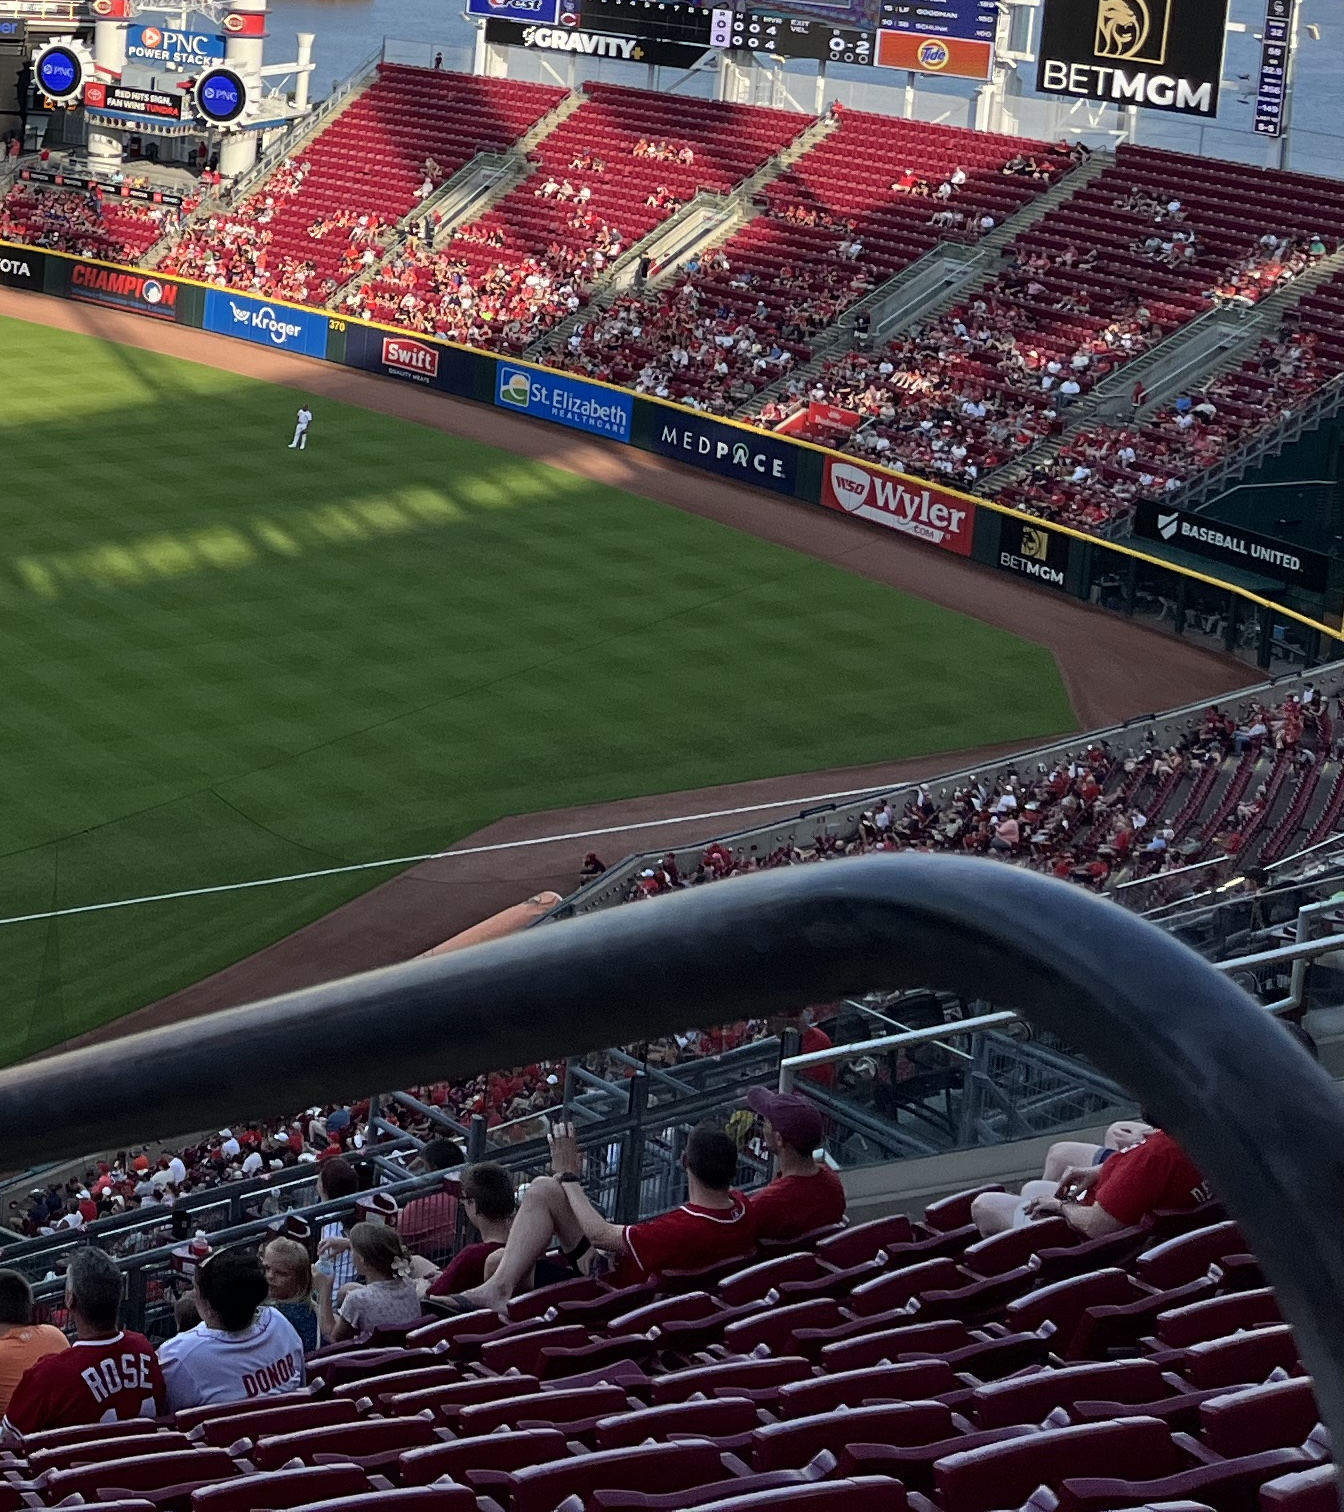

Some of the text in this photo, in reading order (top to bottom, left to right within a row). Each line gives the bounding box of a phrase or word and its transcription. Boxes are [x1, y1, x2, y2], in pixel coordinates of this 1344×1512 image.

[790, 19, 810, 28] EXIT
[128, 45, 170, 61] POWER
[162, 31, 209, 55] PNC
[921, 45, 946, 61] Tide
[1043, 59, 1212, 113] BETMGM
[107, 98, 179, 116] FAN WINS TUNDRA
[251, 307, 302, 344] Kroger
[329, 319, 345, 333] 370
[387, 343, 433, 371] Swift
[531, 383, 627, 426] St. Elizabeth
[551, 407, 626, 435] HEALTHCARE
[662, 425, 783, 478] MEDPACE
[871, 476, 966, 533] Wyler
[1181, 521, 1248, 555] BASEBALL
[1000, 552, 1064, 585] BETMGM
[81, 1353, 153, 1404] ROSE
[241, 1352, 300, 1399] DONOR
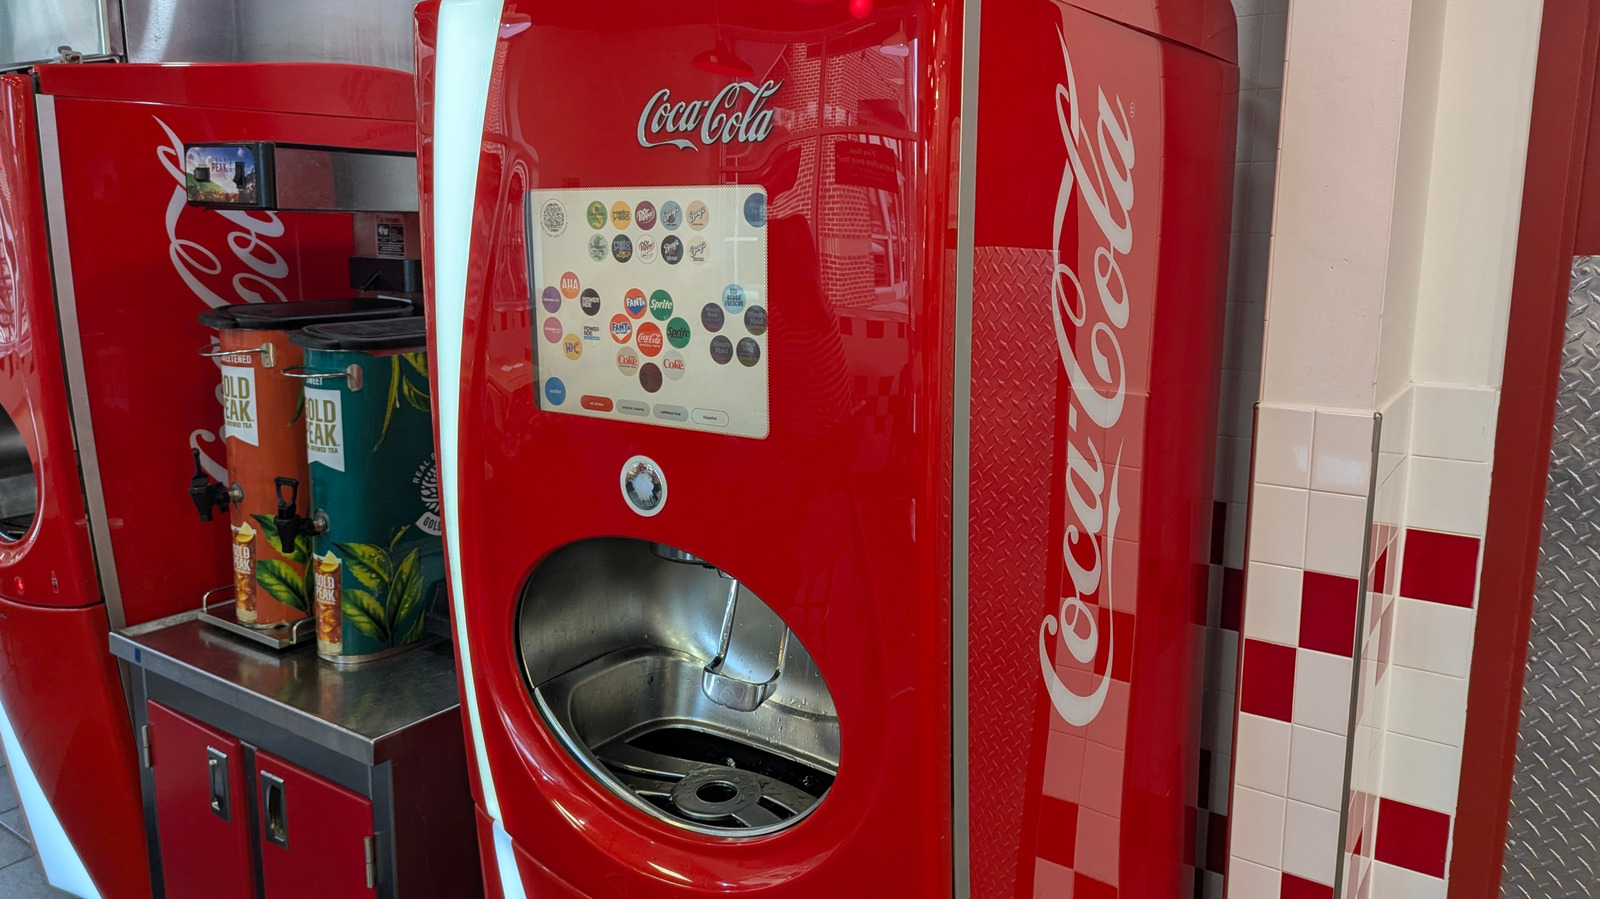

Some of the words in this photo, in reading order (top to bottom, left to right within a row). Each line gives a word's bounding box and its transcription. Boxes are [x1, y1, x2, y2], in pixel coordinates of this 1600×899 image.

[637, 79, 784, 152] Coca-Cola
[212, 163, 228, 173] PEAK
[562, 278, 579, 290] AHA
[626, 297, 646, 307] FANTA
[650, 299, 673, 310] Sprite
[612, 322, 631, 332] FANTA
[667, 327, 690, 337] Sprite
[638, 332, 661, 344] Coca-Cola
[618, 354, 638, 365] Coke
[663, 358, 684, 370] Coke
[1039, 22, 1134, 726] Coca-Cola
[223, 374, 250, 399] OLD
[225, 398, 252, 422] EAK
[412, 460, 431, 484] REAL
^^^^^^^^^^^^^^^^
From the first line to the last, return the records exactly and leave the pictures behind.

▶ **PROBLEM SOLUTION**
Some of the text in this photo, in reading order (top to bottom, left to right within a row). Each line gives the bounding box of a phrase or word and its transcription. Boxes are [x1, y1, x2, y2], in pixel coordinates of this 1344×1512 image.

[790, 19, 810, 28] EXIT
[128, 45, 170, 61] POWER
[162, 31, 209, 55] PNC
[921, 45, 946, 61] Tide
[1043, 59, 1212, 113] BETMGM
[107, 98, 179, 116] FAN WINS TUNDRA
[251, 307, 302, 344] Kroger
[329, 319, 345, 333] 370
[387, 343, 433, 371] Swift
[531, 383, 627, 426] St. Elizabeth
[551, 407, 626, 435] HEALTHCARE
[662, 425, 783, 478] MEDPACE
[871, 476, 966, 533] Wyler
[1181, 521, 1248, 555] BASEBALL
[1000, 552, 1064, 585] BETMGM
[81, 1353, 153, 1404] ROSE
[241, 1352, 300, 1399] DONOR

Some of the words in this photo, in reading order (top to bottom, left to right within a row). Each line gives a word's bounding box and its transcription. Boxes are [x1, y1, x2, y2], in pixel coordinates of this 1600×899 image.

[637, 79, 784, 152] Coca-Cola
[212, 163, 228, 173] PEAK
[562, 278, 579, 290] AHA
[626, 297, 646, 307] FANTA
[650, 299, 673, 310] Sprite
[612, 322, 631, 332] FANTA
[667, 327, 690, 337] Sprite
[638, 332, 661, 344] Coca-Cola
[618, 354, 638, 365] Coke
[663, 358, 684, 370] Coke
[1039, 22, 1134, 726] Coca-Cola
[223, 374, 250, 399] OLD
[225, 398, 252, 422] EAK
[412, 460, 431, 484] REAL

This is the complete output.